**Exercise details**
The records below are to be repeated exactly, minus any pictures.

**Exercise data**
:::::

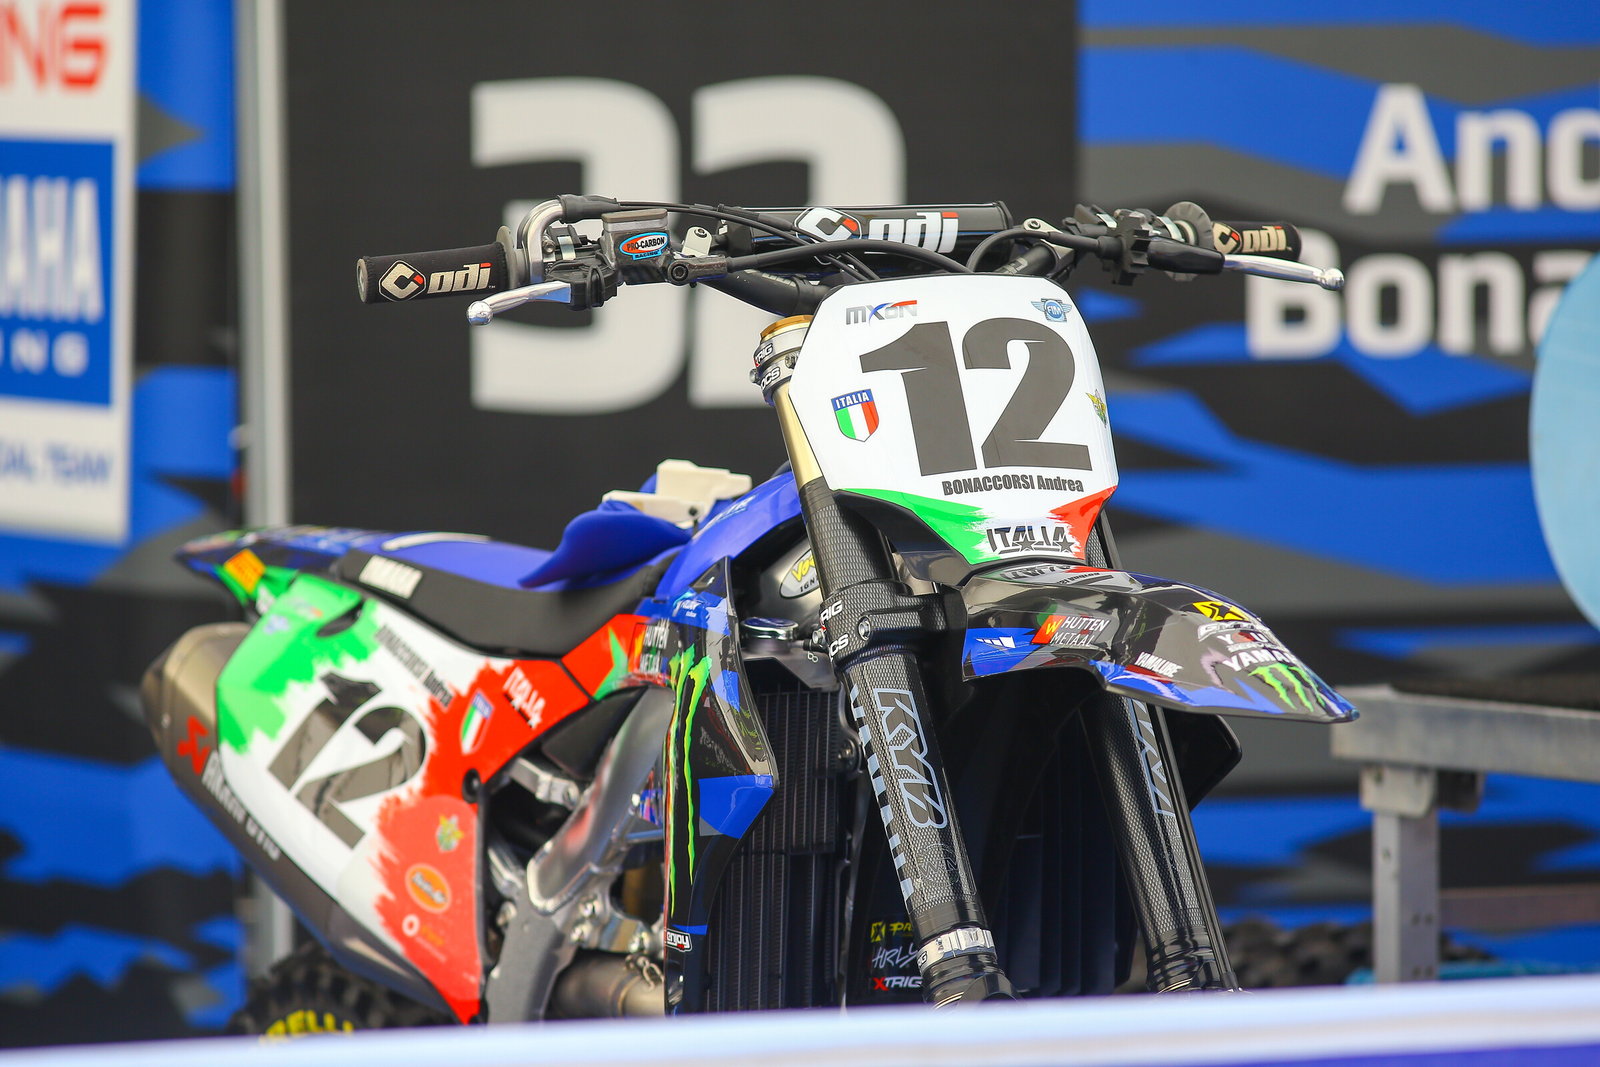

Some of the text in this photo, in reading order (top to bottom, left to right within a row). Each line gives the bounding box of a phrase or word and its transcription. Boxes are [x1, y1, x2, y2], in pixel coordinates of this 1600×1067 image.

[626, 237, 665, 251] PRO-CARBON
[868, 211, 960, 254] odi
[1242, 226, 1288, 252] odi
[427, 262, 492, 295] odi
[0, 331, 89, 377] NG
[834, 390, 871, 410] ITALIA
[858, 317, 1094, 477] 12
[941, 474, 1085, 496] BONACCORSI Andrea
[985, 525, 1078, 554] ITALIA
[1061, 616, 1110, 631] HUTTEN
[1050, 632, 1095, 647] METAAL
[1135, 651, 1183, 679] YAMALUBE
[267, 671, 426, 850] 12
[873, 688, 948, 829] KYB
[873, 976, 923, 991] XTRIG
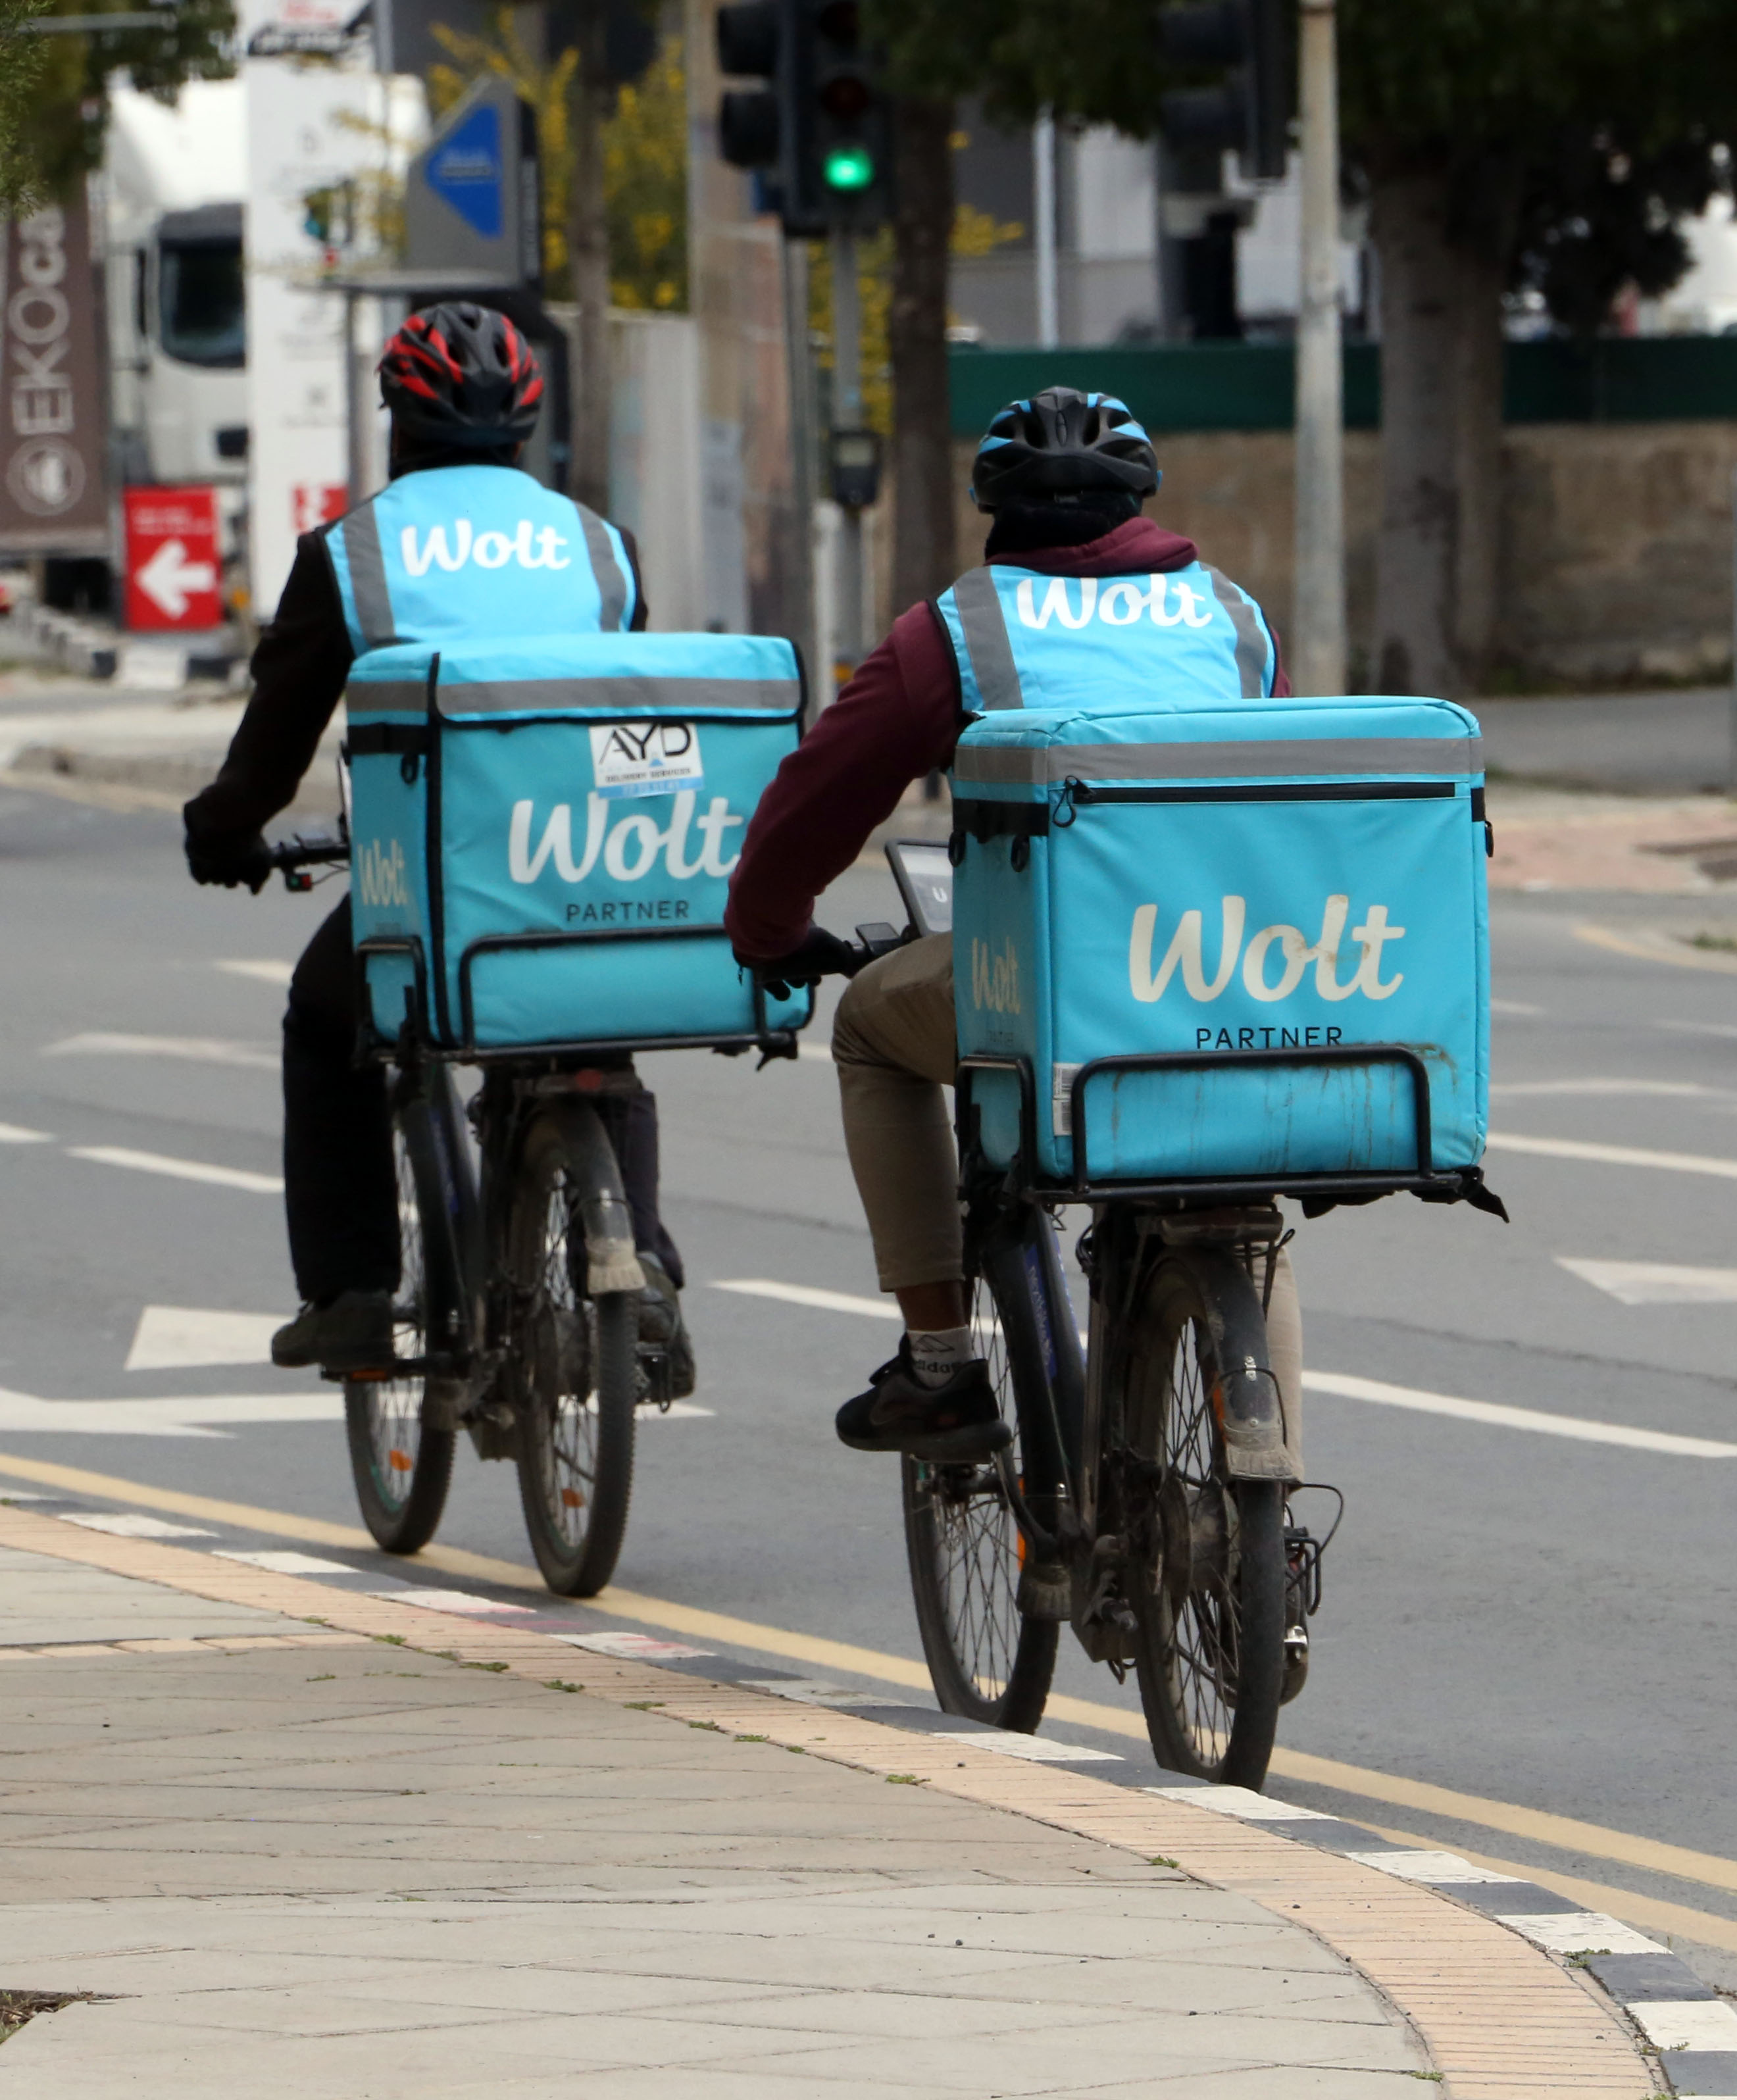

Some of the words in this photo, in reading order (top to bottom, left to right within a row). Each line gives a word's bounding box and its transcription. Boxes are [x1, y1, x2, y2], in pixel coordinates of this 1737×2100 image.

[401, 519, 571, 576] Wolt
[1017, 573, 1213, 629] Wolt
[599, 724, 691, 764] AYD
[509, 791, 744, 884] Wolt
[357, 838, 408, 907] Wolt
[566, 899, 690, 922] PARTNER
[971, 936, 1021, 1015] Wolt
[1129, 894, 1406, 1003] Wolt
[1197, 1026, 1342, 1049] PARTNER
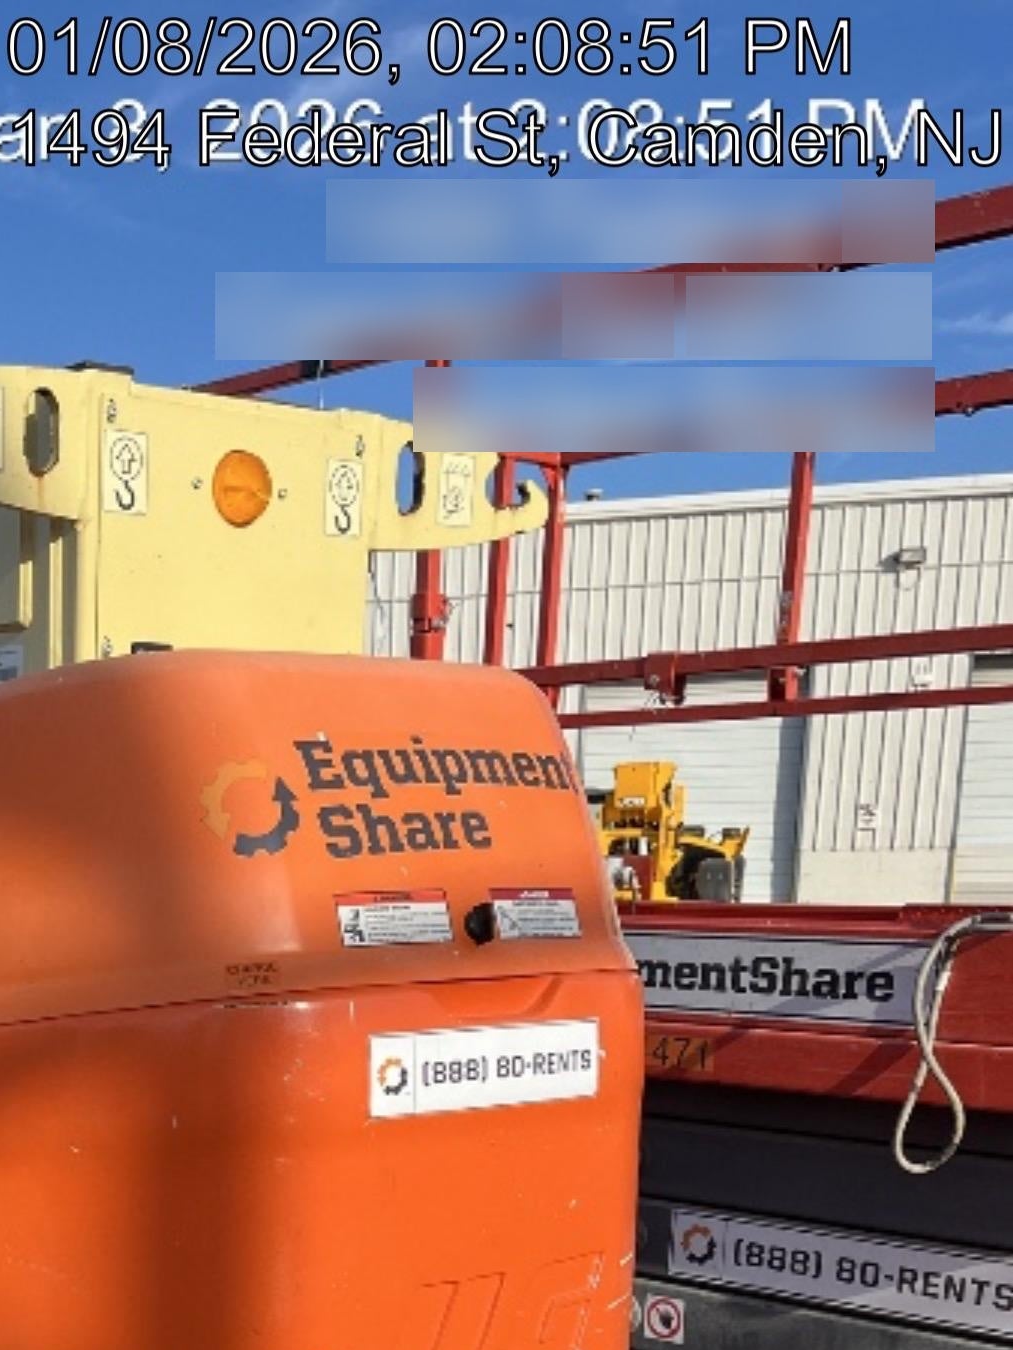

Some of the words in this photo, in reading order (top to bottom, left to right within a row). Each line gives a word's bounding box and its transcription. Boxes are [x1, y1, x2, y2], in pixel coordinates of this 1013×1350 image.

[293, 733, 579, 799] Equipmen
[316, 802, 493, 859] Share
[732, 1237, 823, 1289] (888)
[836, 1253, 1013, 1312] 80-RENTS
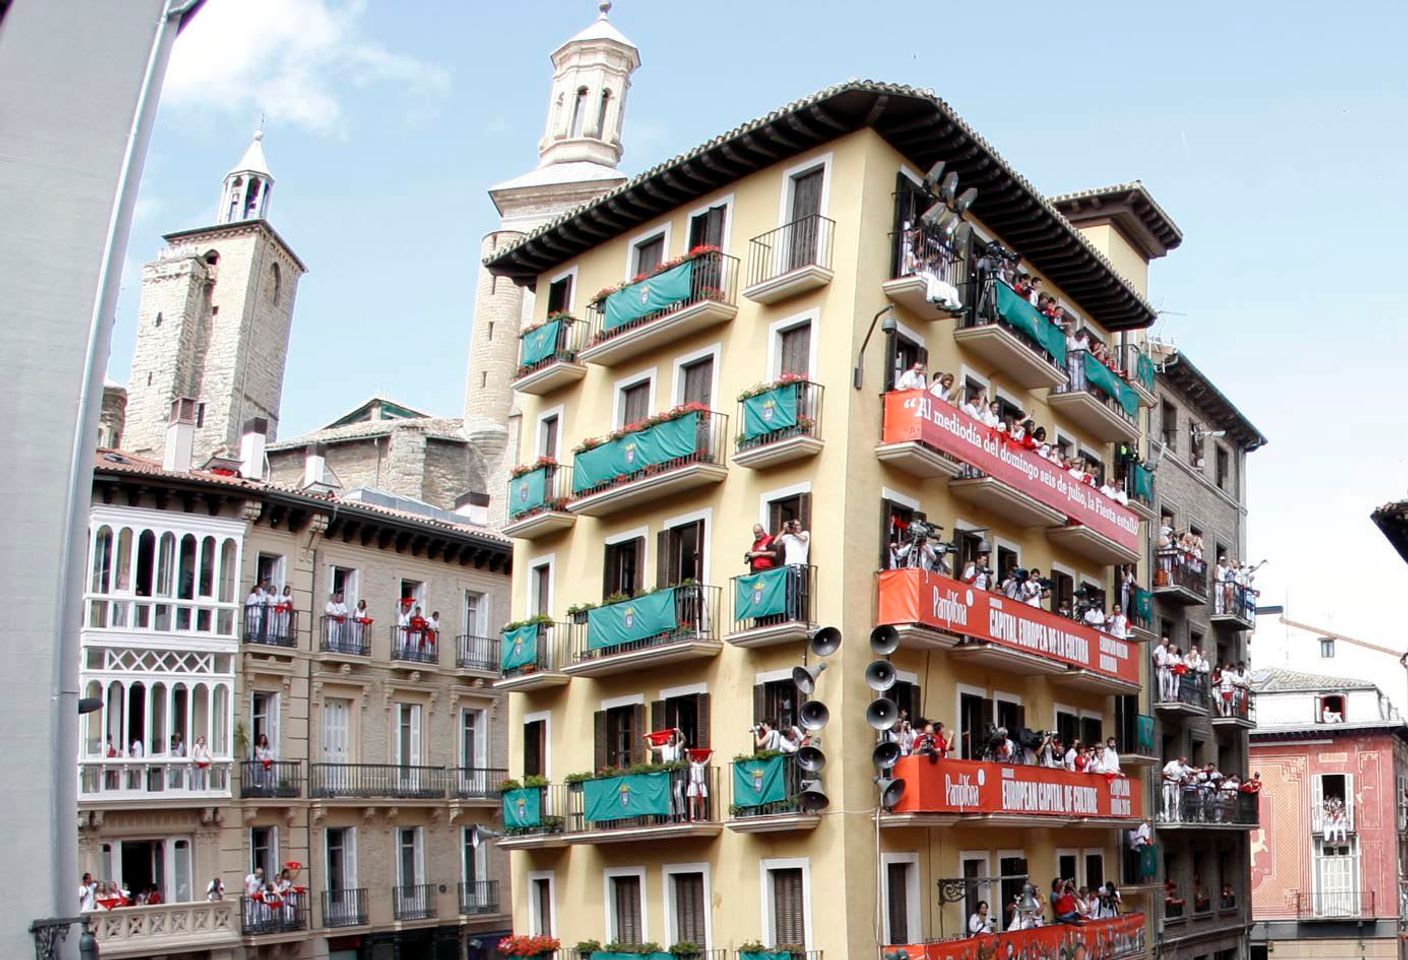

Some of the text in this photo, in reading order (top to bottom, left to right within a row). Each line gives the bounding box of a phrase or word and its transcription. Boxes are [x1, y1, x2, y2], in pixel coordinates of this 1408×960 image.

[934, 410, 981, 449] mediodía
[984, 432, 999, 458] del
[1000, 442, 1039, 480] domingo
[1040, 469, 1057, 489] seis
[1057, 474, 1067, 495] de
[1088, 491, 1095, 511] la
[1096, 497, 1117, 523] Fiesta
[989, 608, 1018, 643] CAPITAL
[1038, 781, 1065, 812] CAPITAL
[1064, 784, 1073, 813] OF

:::::

**Reply to the exercise**
Some of the text in this photo, in reading order (top to bottom, left to right within a row). Each line gives the bounding box of a phrase or word and its transcription. Boxes are [x1, y1, x2, y2], in pixel coordinates of this 1600×1067 image.

[626, 237, 665, 251] PRO-CARBON
[868, 211, 960, 254] odi
[1242, 226, 1288, 252] odi
[427, 262, 492, 295] odi
[0, 331, 89, 377] NG
[834, 390, 871, 410] ITALIA
[858, 317, 1094, 477] 12
[941, 474, 1085, 496] BONACCORSI Andrea
[985, 525, 1078, 554] ITALIA
[1061, 616, 1110, 631] HUTTEN
[1050, 632, 1095, 647] METAAL
[1135, 651, 1183, 679] YAMALUBE
[267, 671, 426, 850] 12
[873, 688, 948, 829] KYB
[873, 976, 923, 991] XTRIG

Some of the words in this photo, in reading order (top to bottom, left to right within a row). Each line gives a word's bounding box and its transcription. Boxes are [x1, y1, x2, y2], in pixel coordinates of this 1737×2100 image.

[401, 519, 571, 576] Wolt
[1017, 573, 1213, 629] Wolt
[599, 724, 691, 764] AYD
[509, 791, 744, 884] Wolt
[357, 838, 408, 907] Wolt
[566, 899, 690, 922] PARTNER
[971, 936, 1021, 1015] Wolt
[1129, 894, 1406, 1003] Wolt
[1197, 1026, 1342, 1049] PARTNER

Some of the words in this photo, in reading order (top to bottom, left to right within a row). Each line gives a word's bounding box and its transcription. Boxes are [x1, y1, x2, y2], in pixel coordinates of this 1013×1350 image.

[293, 733, 579, 799] Equipmen
[316, 802, 493, 859] Share
[732, 1237, 823, 1289] (888)
[836, 1253, 1013, 1312] 80-RENTS

Some of the text in this photo, in reading order (top to bottom, left to right within a row). Each line gives the bounding box of a phrase or word and its transcription. Boxes are [x1, y1, x2, y2], in pixel coordinates of this 1408×960 image.

[934, 410, 981, 449] mediodía
[984, 432, 999, 458] del
[1000, 442, 1039, 480] domingo
[1040, 469, 1057, 489] seis
[1057, 474, 1067, 495] de
[1088, 491, 1095, 511] la
[1096, 497, 1117, 523] Fiesta
[989, 608, 1018, 643] CAPITAL
[1038, 781, 1065, 812] CAPITAL
[1064, 784, 1073, 813] OF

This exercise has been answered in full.